What most people think an ML project looks like
So Bob sets off on his adventure and begins to follow this process above – this simple machine learning model lifecycle. This lifecycle is a process that ACME Ltd has been following for a number of years with their BI projects, and with their experimental ML projects. So it must be something that could work for getting Bob’s project done, right?
So he’s gotten a definition of the business goal — reduce churn in ACME Ltd’s customers. He then sets off to access and understand the data — so he talks to a data engineer to get the relevant data he needs, cleans it, removes missing values, and makes it ready for machine learning. Bob then gets onto the fun part, building his model.
Bob builds his model and once he is happy with the results he showcases it to his manager and the sales manager of the business. He shows an example of 5000 customers and the likelihood of them churning over the next 12 months. The sales manager’s eyes glistened with joy and asks “How long till we can get this integrated into our CRM Bob?” Bob’s never put an ML model into production before, he also never integrated a model into a traditional application like a CRM. He ponders this question for a moment and replies back “2 months”.
Let’s have a quick summary of the events so far:
- Bob’s gotten his business goal.
- He’s gotten access to the data and has cleaned it.
- He’s built a model that works as expected.
This process has taken Bob around 3 months so far, he estimates that the remaining steps which involve deploying the model to production and monitoring that model will take an additional 2 months.

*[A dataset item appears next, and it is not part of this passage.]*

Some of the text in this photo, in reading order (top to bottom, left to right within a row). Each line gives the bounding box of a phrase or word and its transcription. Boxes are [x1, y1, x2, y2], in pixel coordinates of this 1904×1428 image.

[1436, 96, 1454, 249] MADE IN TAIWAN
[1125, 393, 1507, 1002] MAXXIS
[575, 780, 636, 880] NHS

In reality, it takes Bob an additional 9 months, 9 months of talking to the CRM developers — to ensure the model can integrate properly with the application. 9 months of talking to operations people — who will host and look after this model once Bob is done & 9 months talking to security people — who want to understand what security controls are in place to keep this model secure and more importantly the data it processes secure.

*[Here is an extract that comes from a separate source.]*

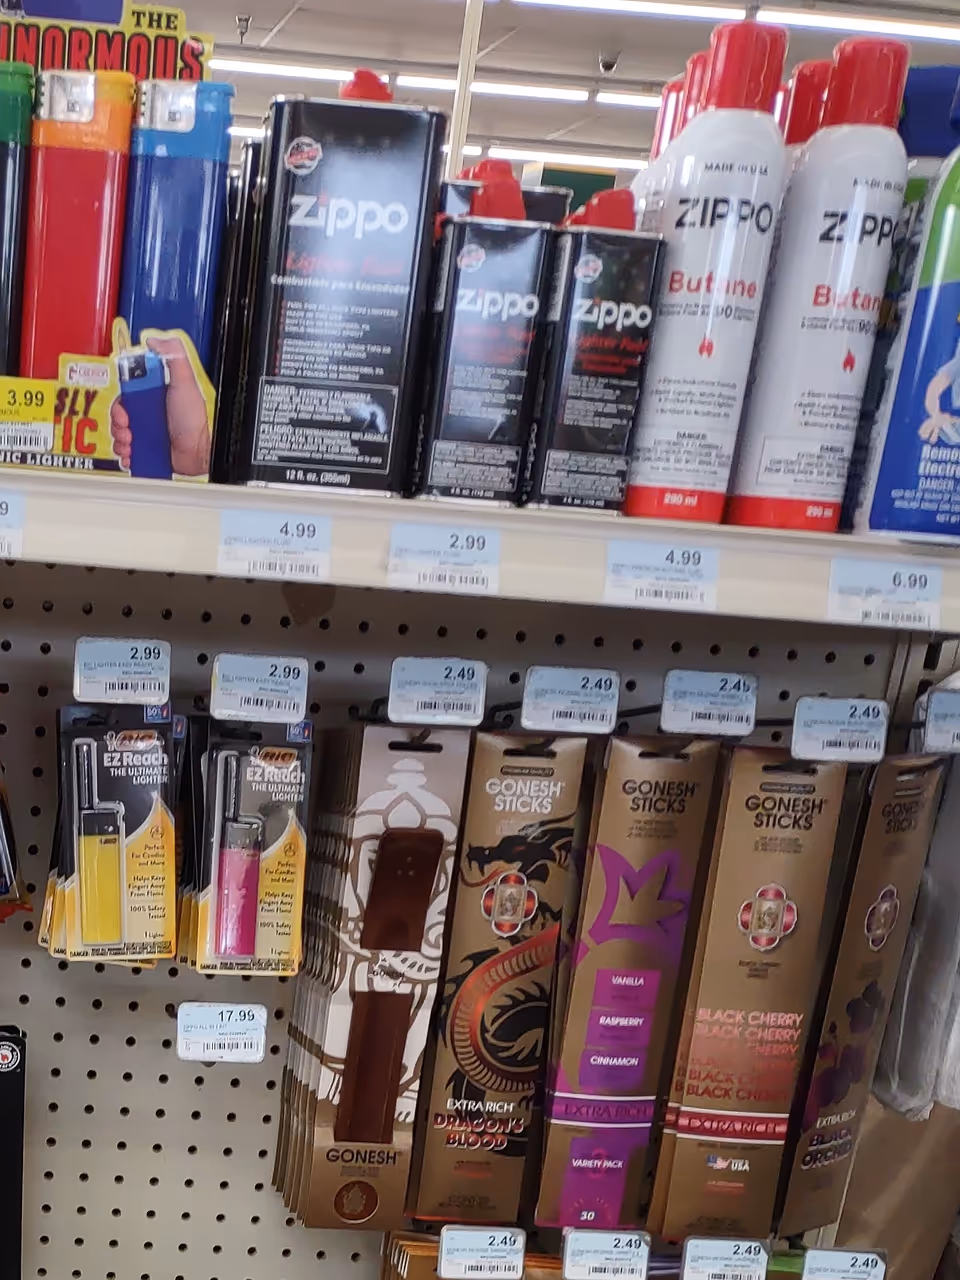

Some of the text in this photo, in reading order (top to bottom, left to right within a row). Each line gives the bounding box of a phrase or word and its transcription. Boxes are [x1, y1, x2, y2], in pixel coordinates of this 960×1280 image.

He finally gets it into production and integrated it into the CRM a year since he started. He turns around to the sales manager and goes “Here you go”. But the business has changed at ACME Ltd, they’re moving markets, and the sales manager doesn’t care if they lose customers — they’re after new different ones anyway. Bob has wasted a year of his life on a project that doesn’t make a difference, he’s in theory wasted the time of the developers, operations, and security people. He leaves ACME Ltd, not having a process in place to deal with this model that is now in production.
Bob’s story is similar to many stories we’ve heard from our customers, they just can’t get their models into production in a quick, safe manner. So this is where MLOps comes in as this practice helps address these challenges.
Let’s define MLOps
Can you get models into production without MLOps?
So you might be thinking to yourself — Jamie we don’t really do MLOps but we’re getting our machine learning into production just fine. So can you do AI/ML in production without MLOps? Of course, you can.
But we think as you begin to scale your investment into this area you are going have multiple models in production, multiple different data scientists working on different models and it will quickly become a huge mess that you are probably going have to clean up. MLOps should be viewed as a factory approach to machine learning. It removes this artesian approach that so many companies take and puts processes, tooling, and practices into the approach.
What an actual machine learning project will look like in production
What you’ll find is the process looks a bit like this. It involves multiple steps, multiple different people from different teams, and multiple times it can all go horribly wrong. Imagine having to scale this up manually for every project, imagine having to do this without any automation. This is where MLOps tooling comes into play, we need to automate as much of this process as possible because if we don’t get the below problems.
One issue I want to focus on is scaling. It is fine just putting one model into production successfully — but once the business sees the success they’ll want more models pushed into production.
High-level implementation of MLOps
So Jamie great, we understand this thing called MLOps how do we go implement it? Well, sadly it’s not one of those well-drawn-out maps. It’s not something you can buy, you can obviously buy platforms & tooling that enables you to do it but fundamentally it comes down to people. It comes down to the way people operate within the organization.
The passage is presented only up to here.